■ SUPPLIED MATERIAL ■

▬▬▬▬▬▬▬▬▬▬

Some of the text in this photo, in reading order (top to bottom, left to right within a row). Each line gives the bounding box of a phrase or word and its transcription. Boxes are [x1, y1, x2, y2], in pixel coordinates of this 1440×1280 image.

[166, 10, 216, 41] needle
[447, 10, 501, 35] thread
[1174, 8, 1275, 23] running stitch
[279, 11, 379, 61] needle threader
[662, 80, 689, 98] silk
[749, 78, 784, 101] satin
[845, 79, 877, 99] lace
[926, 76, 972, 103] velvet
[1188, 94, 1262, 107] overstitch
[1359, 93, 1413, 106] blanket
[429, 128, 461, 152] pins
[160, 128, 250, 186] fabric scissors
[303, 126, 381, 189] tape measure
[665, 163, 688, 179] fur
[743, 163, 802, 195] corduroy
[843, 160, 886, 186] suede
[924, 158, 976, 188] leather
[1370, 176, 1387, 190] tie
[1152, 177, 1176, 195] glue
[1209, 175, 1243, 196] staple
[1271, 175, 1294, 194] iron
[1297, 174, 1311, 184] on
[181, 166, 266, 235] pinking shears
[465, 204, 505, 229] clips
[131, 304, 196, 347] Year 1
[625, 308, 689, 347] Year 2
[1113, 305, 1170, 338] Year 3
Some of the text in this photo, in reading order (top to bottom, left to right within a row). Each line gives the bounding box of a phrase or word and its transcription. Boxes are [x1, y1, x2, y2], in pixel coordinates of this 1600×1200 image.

▬▬▬▬▬▬▬▬▬▬

■ REQUIRED ACTION ■
Exactly as given, please retype all the entries.

■ ANSWER TO THIS TASK ■
Some of the text in this photo, in reading order (top to bottom, left to right within a row). Each line gives the bounding box of a phrase or word and its transcription. Boxes are [x1, y1, x2, y2], in pixel coordinates of this 1440×1280 image.

[166, 10, 216, 41] needle
[447, 10, 501, 35] thread
[1174, 8, 1275, 23] running stitch
[279, 11, 379, 61] needle threader
[662, 80, 689, 98] silk
[749, 78, 784, 101] satin
[845, 79, 877, 99] lace
[926, 76, 972, 103] velvet
[1188, 94, 1262, 107] overstitch
[1359, 93, 1413, 106] blanket
[429, 128, 461, 152] pins
[160, 128, 250, 186] fabric scissors
[303, 126, 381, 189] tape measure
[665, 163, 688, 179] fur
[743, 163, 802, 195] corduroy
[843, 160, 886, 186] suede
[924, 158, 976, 188] leather
[1370, 176, 1387, 190] tie
[1152, 177, 1176, 195] glue
[1209, 175, 1243, 196] staple
[1271, 175, 1294, 194] iron
[1297, 174, 1311, 184] on
[181, 166, 266, 235] pinking shears
[465, 204, 505, 229] clips
[131, 304, 196, 347] Year 1
[625, 308, 689, 347] Year 2
[1113, 305, 1170, 338] Year 3
Some of the text in this photo, in reading order (top to bottom, left to right within a row). Each line gives the bounding box of a phrase or word and its transcription. Boxes are [x1, y1, x2, y2], in pixel coordinates of this 1600×1200 image.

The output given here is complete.